### Exercise instructions:
Where an entry holds an image, skip the image but reproduce the rest word for word.

*** Data provided ***

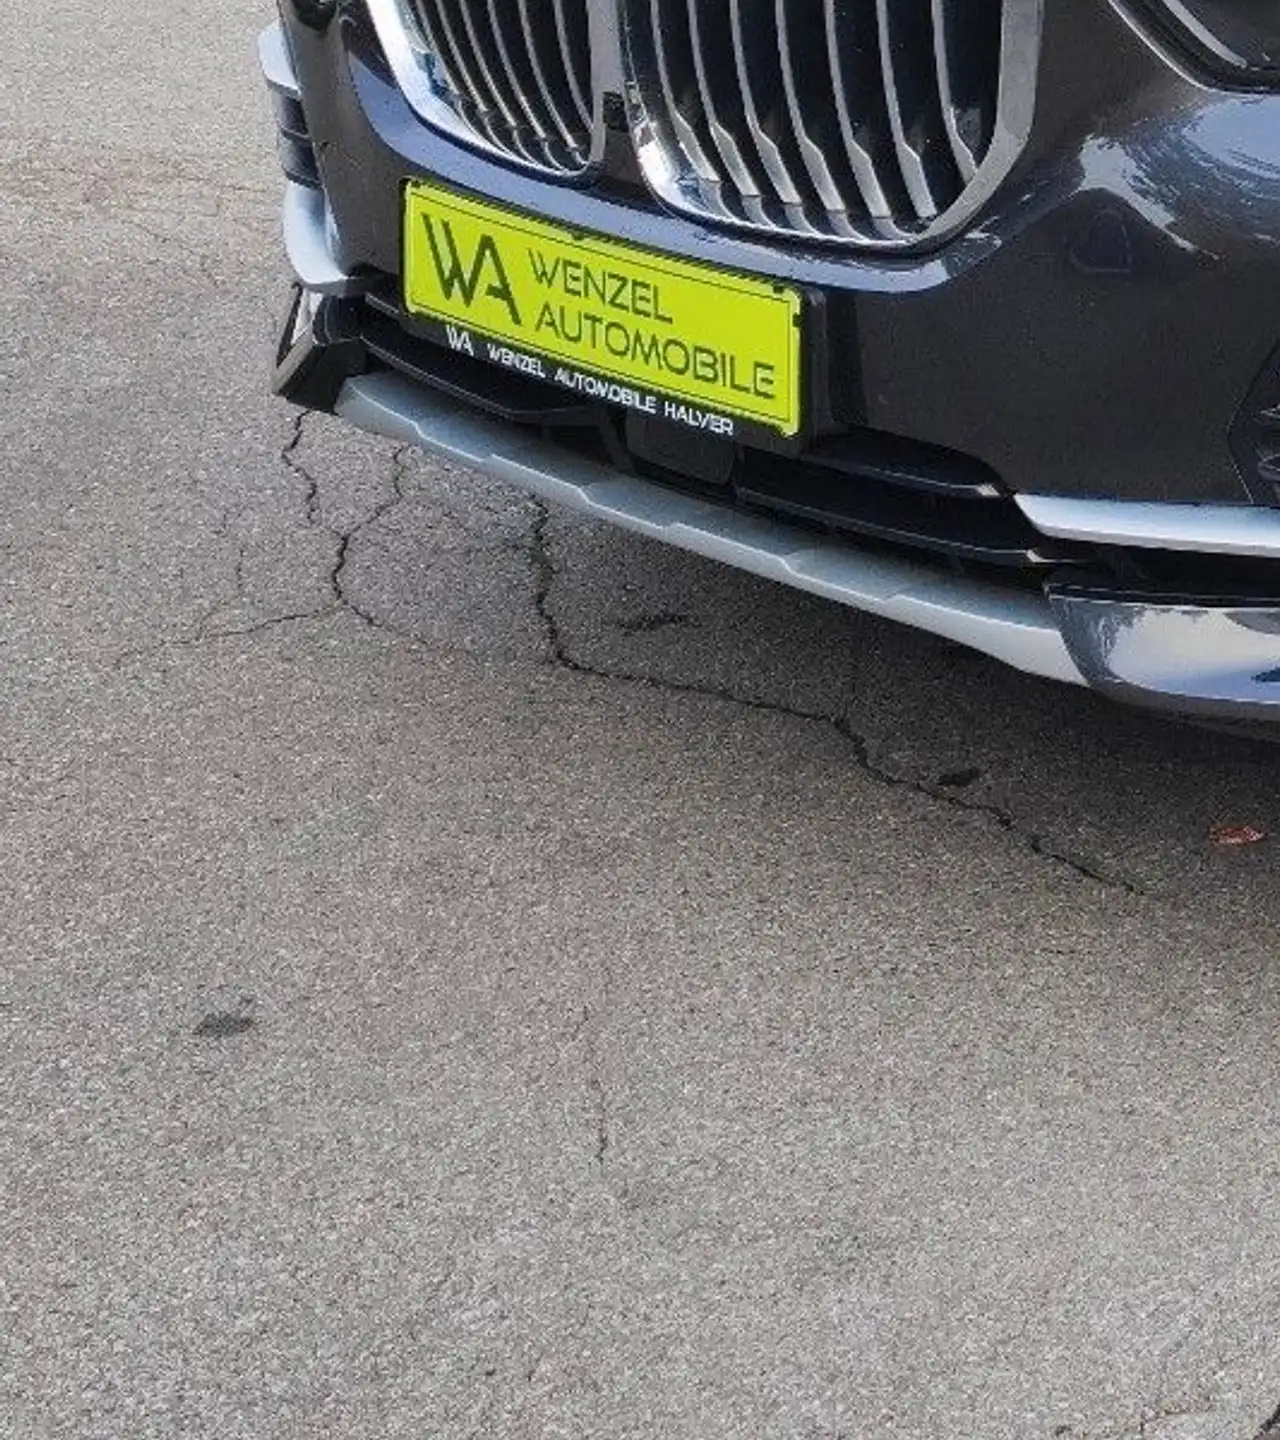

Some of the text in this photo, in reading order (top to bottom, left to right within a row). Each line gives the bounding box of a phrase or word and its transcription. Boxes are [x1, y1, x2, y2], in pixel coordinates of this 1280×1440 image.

[420, 211, 521, 326] WA
[528, 248, 673, 325] WENZEL
[445, 324, 735, 437] WA WENZEL AUTOMOBILE HALVER
[535, 300, 775, 400] AUTOMOBILE

*** End of Data provided ***

### The answer:
Some of the text in this photo, in reading order (top to bottom, left to right within a row). Each line gives the bounding box of a phrase or word and its transcription. Boxes are [x1, y1, x2, y2], in pixel coordinates of this 1280×1440 image.

[420, 211, 521, 326] WA
[528, 248, 673, 325] WENZEL
[445, 324, 735, 437] WA WENZEL AUTOMOBILE HALVER
[535, 300, 775, 400] AUTOMOBILE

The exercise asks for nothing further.